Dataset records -
------------------------

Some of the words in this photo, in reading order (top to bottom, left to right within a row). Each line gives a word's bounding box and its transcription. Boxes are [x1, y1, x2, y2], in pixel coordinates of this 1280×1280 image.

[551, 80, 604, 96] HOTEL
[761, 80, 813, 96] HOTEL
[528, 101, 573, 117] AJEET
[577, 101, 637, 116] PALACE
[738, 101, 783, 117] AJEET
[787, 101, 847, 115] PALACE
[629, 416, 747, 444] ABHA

------------------------

TASK ITEM -
Each record above has to be set down again, word for word.

SOLUTION TO THE EXERCISE -
Some of the words in this photo, in reading order (top to bottom, left to right within a row). Each line gives a word's bounding box and its transcription. Boxes are [x1, y1, x2, y2], in pixel coordinates of this 1280×1280 image.

[551, 80, 604, 96] HOTEL
[761, 80, 813, 96] HOTEL
[528, 101, 573, 117] AJEET
[577, 101, 637, 116] PALACE
[738, 101, 783, 117] AJEET
[787, 101, 847, 115] PALACE
[629, 416, 747, 444] ABHA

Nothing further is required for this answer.